By Tim Horan

The Salina Journal

Saline County commissioners Tuesday agreed to accept a grant of about $1,000 from the Kansas Department of Health and Environment to be used to purchase commissioner-approved birth control.

Commissioner John Price also said he wants every Saline County Health Department purchase of birth control to have prior approval of county commissioners.

He said that some birth control pills can be used as a morning-after pill, which he calls abortion.

"Otherwise I would just as soon get out of birth control," Price said Tuesday morning. "I am not wanting to spend county money on abortion. I've talked to a lot of people that don't want their money spent on abortion. Call it what you want to call it. Call it science. You line children up and you take their lives."

Price said that perhaps the health department should just hand out condoms.

An exchange of words

Price also exchanged words with County Clerk Don Merriman.

After twice being told by Merriman that the health department was requesting that the state grant be used for pills approved by the county commission, Price said, "You already pointed that out once."

"OK. Yell at me all you want," Merriman fired back.

"If you want to be a commissioner, run for the commission," Price said. "Make the big bucks."

Later in the meeting, Merriman started to make another comment.

"Don, why don't you keep your mouth shut? You're here to record, not run your mouth," Price said.

"You can bully me all you want," Merriman told Price.

Asked for Portia

Bronson Farmer, health department director, first asked for commission approval of the $1,032 grant last week. While the money could be used for anything involving family planning, the department wanted to use the money to purchase a birth control pill called Portia, which isn't currently stocked.

At an informal meeting Tuesday morning, Farmer said Portia, taken as directed, provides excellent birth control.
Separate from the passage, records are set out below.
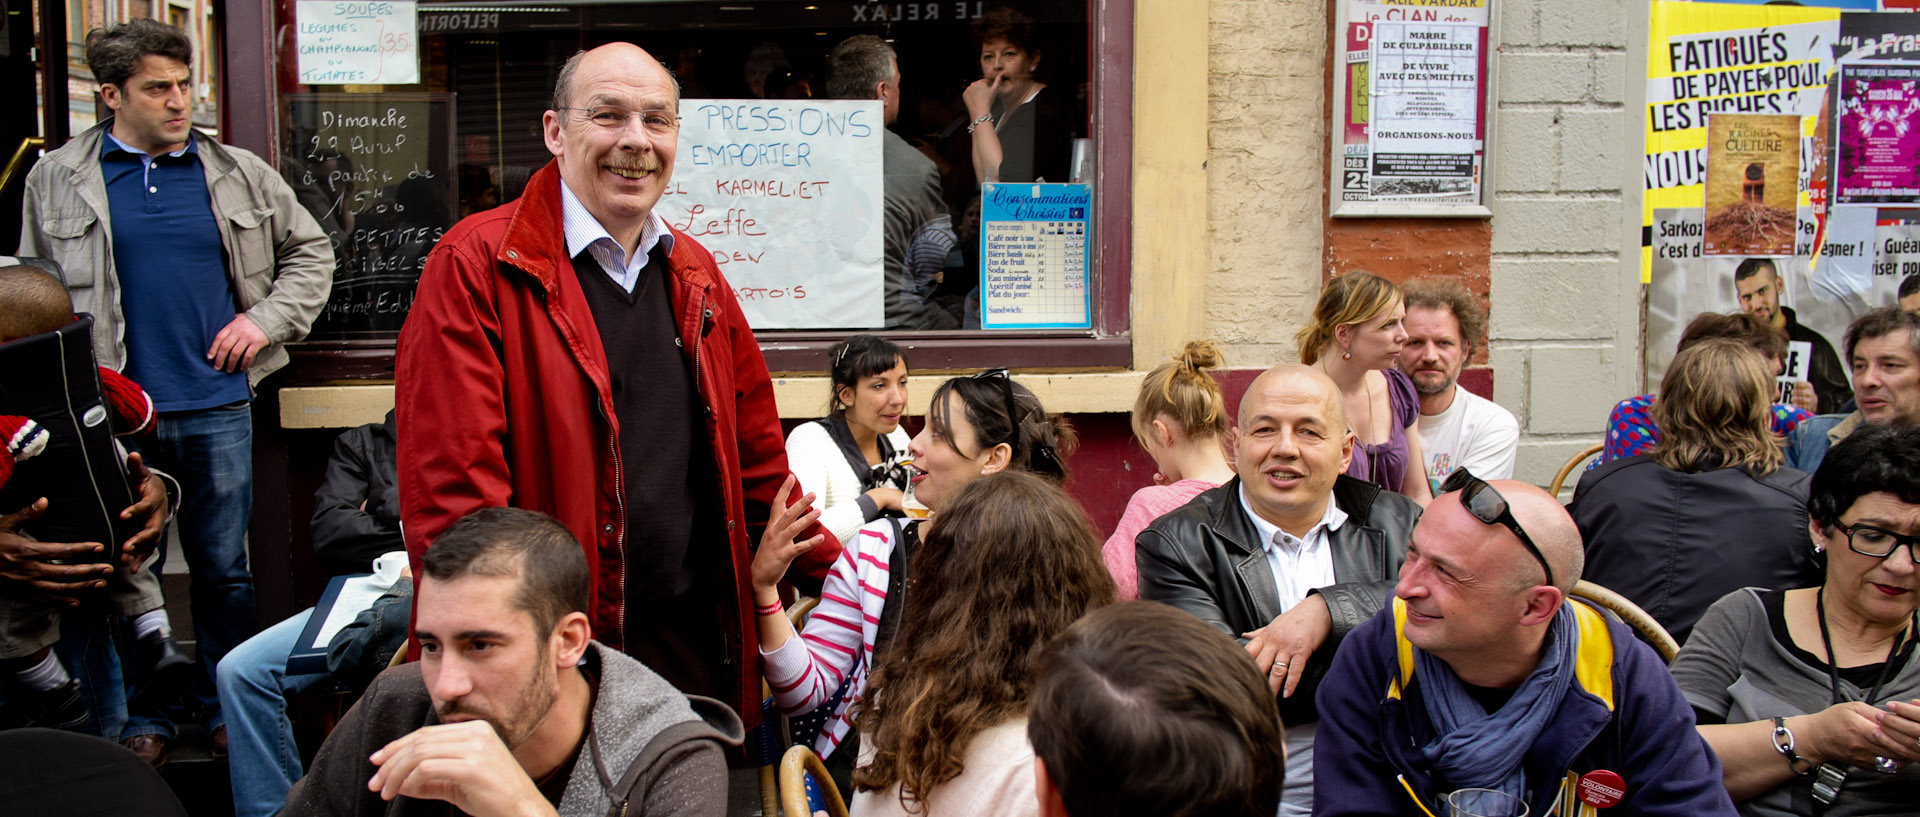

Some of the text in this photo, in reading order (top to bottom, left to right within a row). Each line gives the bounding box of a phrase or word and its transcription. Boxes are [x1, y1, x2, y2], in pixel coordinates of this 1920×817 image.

[333, 3, 393, 16] SOUPES
[1409, 32, 1447, 40] MARRE
[1880, 33, 1920, 55] Fra
[1383, 42, 1473, 51] DE CULPABILISER
[1669, 28, 1788, 73] FATIGUÉS
[1419, 63, 1449, 71] VIVRE
[1430, 73, 1474, 81] MIETTES
[1673, 74, 1700, 100] DE
[320, 108, 408, 132] Dimanche
[1650, 102, 1692, 132] LES
[1377, 131, 1475, 140] ORGANISONS-NOUS
[1725, 139, 1782, 152] CULTURE
[692, 142, 811, 168] EMPORTER
[408, 161, 435, 180] de
[993, 186, 1089, 206] Consommations
[674, 204, 767, 237] Leffe
[1014, 204, 1067, 221] Choisies
[354, 227, 443, 251] PETITES
[987, 234, 1004, 242] Café
[988, 242, 1006, 250] Bière
[1884, 237, 1920, 255] Guéa
[988, 250, 1006, 258] Bière
[1660, 243, 1690, 258] c'est
[988, 258, 999, 266] Jus
[1010, 258, 1025, 266] fruit
[988, 283, 1015, 291] Apéritif
[1582, 779, 1623, 798] VOLONTAIRE
"Unwanted pregnancies are the main reason for abortion," Farmer said in addressing Price's concern about the county being involved with abortion. "By getting out of the birth control business we would be doing just the opposite."

Request changed

This week Farmer asked that the grant money be used to "replenish (Board of County Commission) approved birth control pills as stock becomes low."

Price last week requested and reviewed a list of birth control pills the health department has in stock and found one called Seasonique, which he said could also be used as a morning-after pill.

Price said he goes online to ec.princeton.com to see if a birth control pill can be used as a morning-after pill. If a pill can be used as a morning-after pill, he said, he will not support the county supplying that pill to clients.

To use Portia as a morning-after pill, one would take four pills within 72 hours of unprotected sex, followed by four more after 12 hours, according to information on the website.

Farmer said that is a misuse of the pills.

Ordering the pills

Farmer suggested that commissioners approve a list of birth control pills and the health department simply order from that list.

"We were going to order the ones other than the Seasonique," Farmer said.

"How do we know what you are ordering?" Price said.

"We don't know what we are going to run low on," Farmer replied. "We could be directed not to order the Seasonique."

Instead, Price wants commissioners to approve each order before a purchase is made.

"Tell us what you are ordering and we can compare it to this list," Price said.

Why different pills

Farmer said there are a number of pills available because every woman's body is different.

"Some react positive to birth control; some don't react as well. We try to provide the birth control that works best for that individual," Farmer said. "There are different strengths that have side effects."

Farmer said that most birth control pills could be used as a morning-after pill but not if used as prescribed.

Favor birth control

Commissioner Jim Gile said he was in favor of the health department providing birth control pills.

"As long as we know what we are ordering," Price responded.